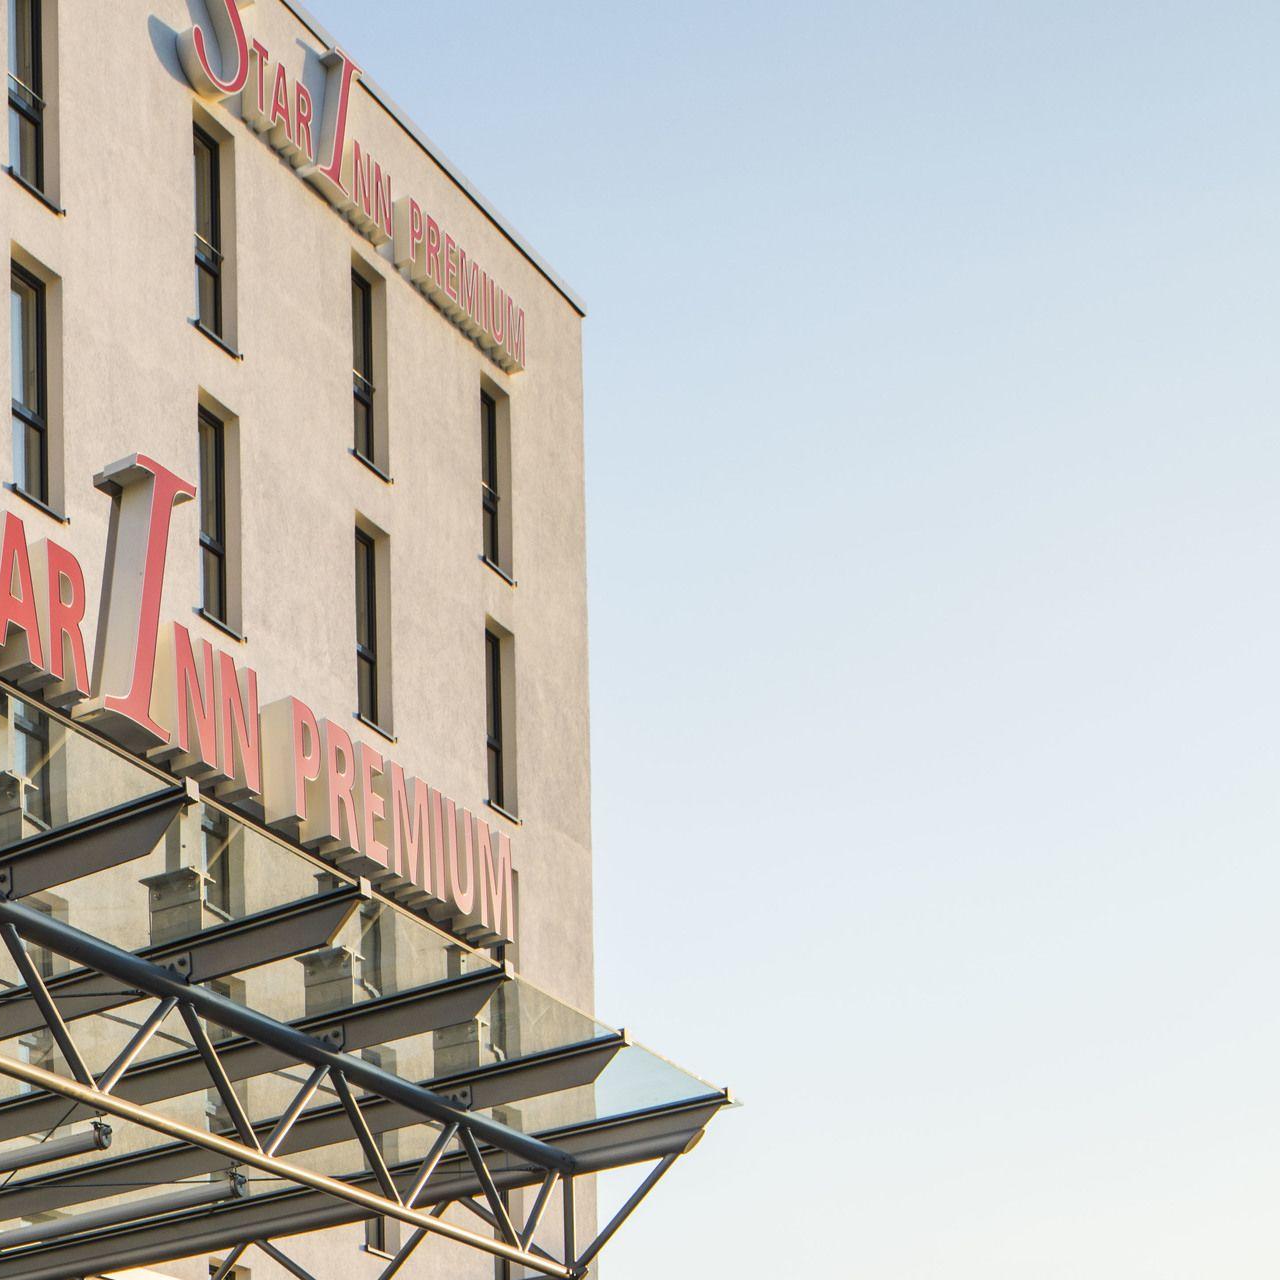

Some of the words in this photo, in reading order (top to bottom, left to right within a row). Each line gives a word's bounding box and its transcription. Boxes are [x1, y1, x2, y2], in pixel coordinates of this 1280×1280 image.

[317, 46, 393, 240] INN
[409, 196, 526, 369] PREMIUM
[103, 453, 261, 800] INN
[291, 695, 516, 945] PREMIUM

________________________

Repeat every entry above exactly; images stay out of the copy.

Some of the words in this photo, in reading order (top to bottom, left to right within a row). Each line gives a word's bounding box and its transcription. Boxes are [x1, y1, x2, y2], in pixel coordinates of this 1280×1280 image.

[317, 46, 393, 240] INN
[409, 196, 526, 369] PREMIUM
[103, 453, 261, 800] INN
[291, 695, 516, 945] PREMIUM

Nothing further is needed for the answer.